Dagupeño doctor and wife convicted in US court

By March 18, 2007News, Overseas

By Manny Zambrano
PUNCH correspondent – Chicago Area


BROOKFIELD, Wisconsin –Two prominent Filipino doctors went to prison recently to serve a four-year sentence for keeping and under-paying an undocumented Filipina housemaid for over 19 years.

Dr. Elnora Calimlim and her husband, Dr. Jefferson N. Calimlim, whose parents Bernard and Violeta Calimlim are natives of Dagupan City, were sentenced to four years in Federal prisons after they were found guilty by a jury of four counts of conspiracy.

The jury determined that they conspired to obtain labor and services by threats of harm and physical restraint; obtain the labor and services of a Filipino national by threats of serious harm to and physical restraint; concealing an alien from detection for the purpose of private financial gain; and conspiracy to conceal an alien from detection for the purpose of private financial gain.

The couple went to prison after Judge Rudolph Randa of the United States Court of Eastern Wisconsin in Milwaukee denied their Motion for Judgment of Acquittal or Dismissal and their motion for Bond Pending Appeal in an order issued last Feb. 22nd.

Their son, Jefferson M. Calimlim, 32, who was accused of conspiring to harbor an illegal alien, was sentenced to three years probation, including four months of house arrest with an electronic monitoring device, and fined $5,000. He was found guilty of one count of harboring an alien but acquitted on two other charges.

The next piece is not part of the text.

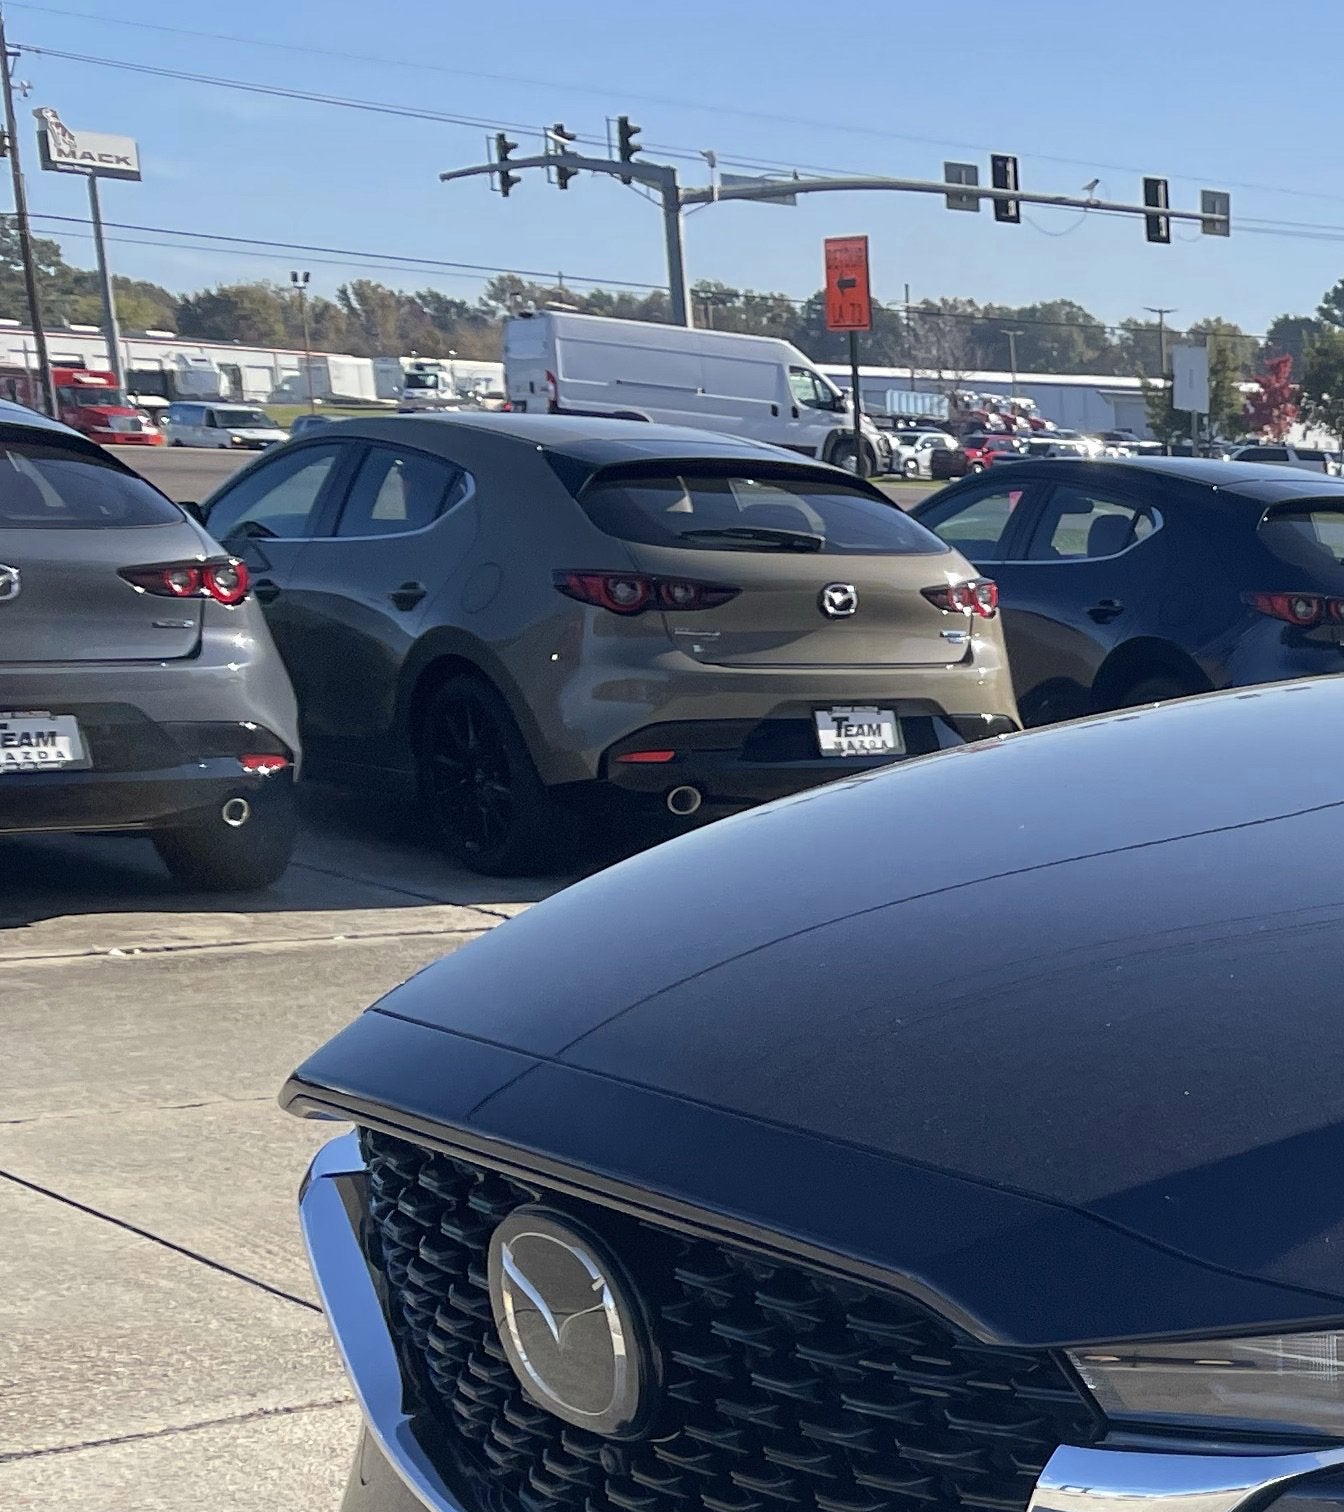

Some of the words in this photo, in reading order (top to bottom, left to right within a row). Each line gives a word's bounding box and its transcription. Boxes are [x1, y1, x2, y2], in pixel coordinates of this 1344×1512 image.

But their son did not appeal Judge Randa’s verdict.

During the trial, the maid, Irma Martinez, and her parents, Juan H. Martinez, 69, and his wife Ceferina, both of Gainza, Camarines Sur, whom the US government had flown to the US from the Philippines, testified in court by staying in Chicago while preparing for trial.

DISTRESS CALL

This conviction of a forced labor without employing violence of the Calimlims is believed to be the first in the nation.

Randa also ruled that Miss Martinez is entitled to restitution worth $934,420 for working 15 hours a day and being underpaid well below the minimum wage during the last 19 years by the Calimlims.

As immigrants for more than 30 years, the Calimlim couple is deportable to the Philippines for failure to naturalize as US citizens after they serve their prison term.

It was the divorced wife of Christopher Jack Calimlim, the younger brother of Jefferson Junior by two years, Sherry Bantug, who placed a distress call at the hotline of the Department of Homeland Security in the summer of 2004 that “a woman is living in the Brookfield home of the Calimlim couple.”

In the early morning of Sept. 29, 2004, Federal agents knocked at the door of the Calimlims and rescued Martinez from the basement.

Martinez came to the US on July 21, 1985, at the age of 18 and did not speak English, accompanied by Elnora’s father.

Both the Correction Institute and Northeast Ohio Correction Center and United States Penitentiary Hazelton in West Virginia are low-security facilities that have 1,365 and 1,932 populations, respectively. They are going to be at the Jefferson and Elnora Calimlims’ quarters, respectively, for about four years even as they await resolution of their pending appeal before the U.S. Court of Appeals for the Seventh Circuit in Chicago, Illinois.

The Calimlim couple was reportedly driven to prison facilities by Jefferson’s brother, Dr. Johnny Calimlim, a veterinarian based in Los Angeles, California; Wisconsin’s Filipino American community activist Princess Emraida Kiram, vice chair of the National Federation of Filipino American Associations’ Region 3, and two other friends, Rica del Rosario and Anita Go.